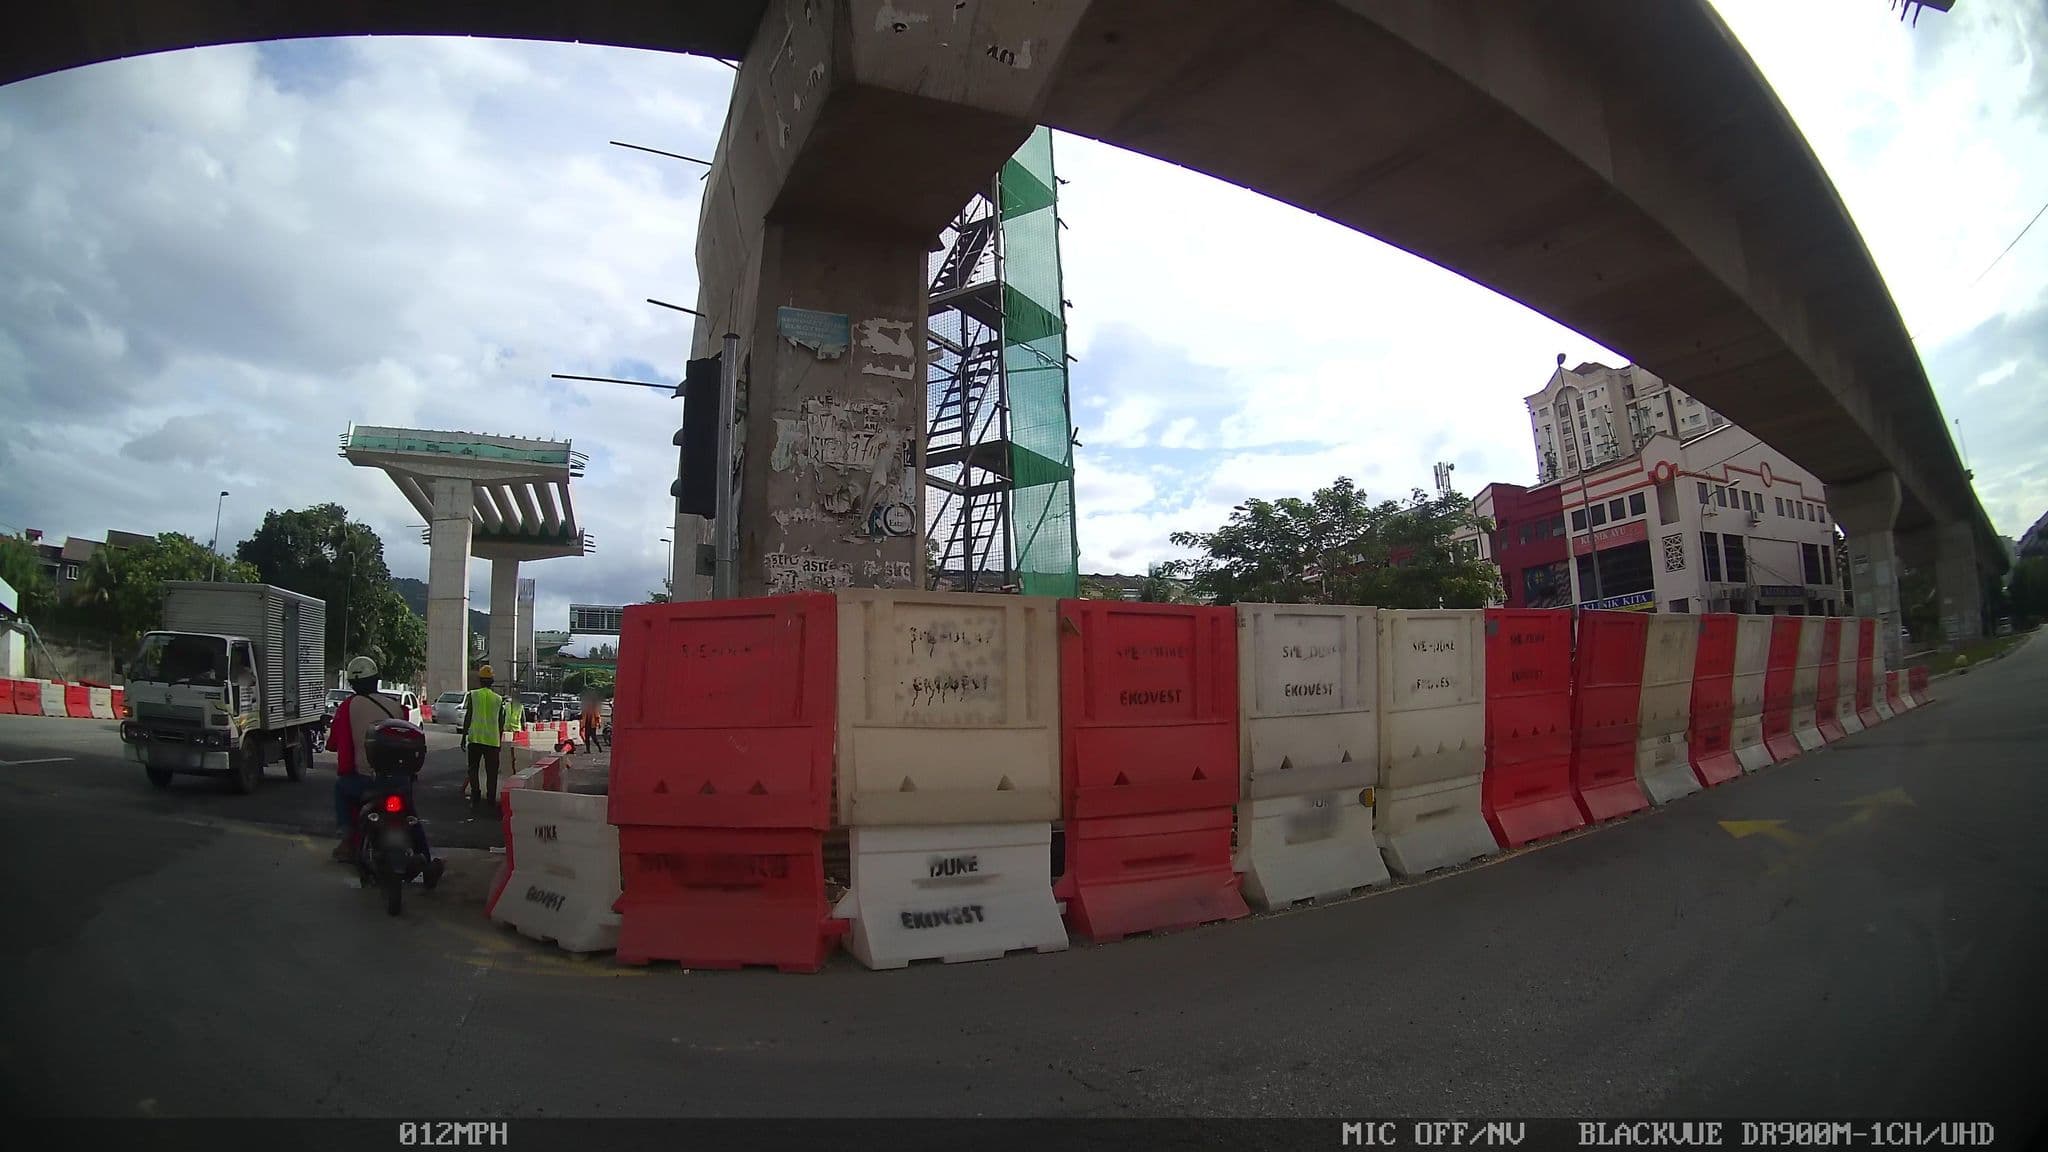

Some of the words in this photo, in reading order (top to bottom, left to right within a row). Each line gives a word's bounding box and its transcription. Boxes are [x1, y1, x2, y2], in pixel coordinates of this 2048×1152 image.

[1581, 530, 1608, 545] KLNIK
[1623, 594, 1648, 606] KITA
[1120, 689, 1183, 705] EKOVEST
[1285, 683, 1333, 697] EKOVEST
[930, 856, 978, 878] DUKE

● ● ● ●

AIM OF THE TASK: Pictures stay out, and every line of the records is transcribed exactly.

SOLUTION TO THIS TASK:
Some of the words in this photo, in reading order (top to bottom, left to right within a row). Each line gives a word's bounding box and its transcription. Boxes are [x1, y1, x2, y2], in pixel coordinates of this 2048×1152 image.

[1581, 530, 1608, 545] KLNIK
[1623, 594, 1648, 606] KITA
[1120, 689, 1183, 705] EKOVEST
[1285, 683, 1333, 697] EKOVEST
[930, 856, 978, 878] DUKE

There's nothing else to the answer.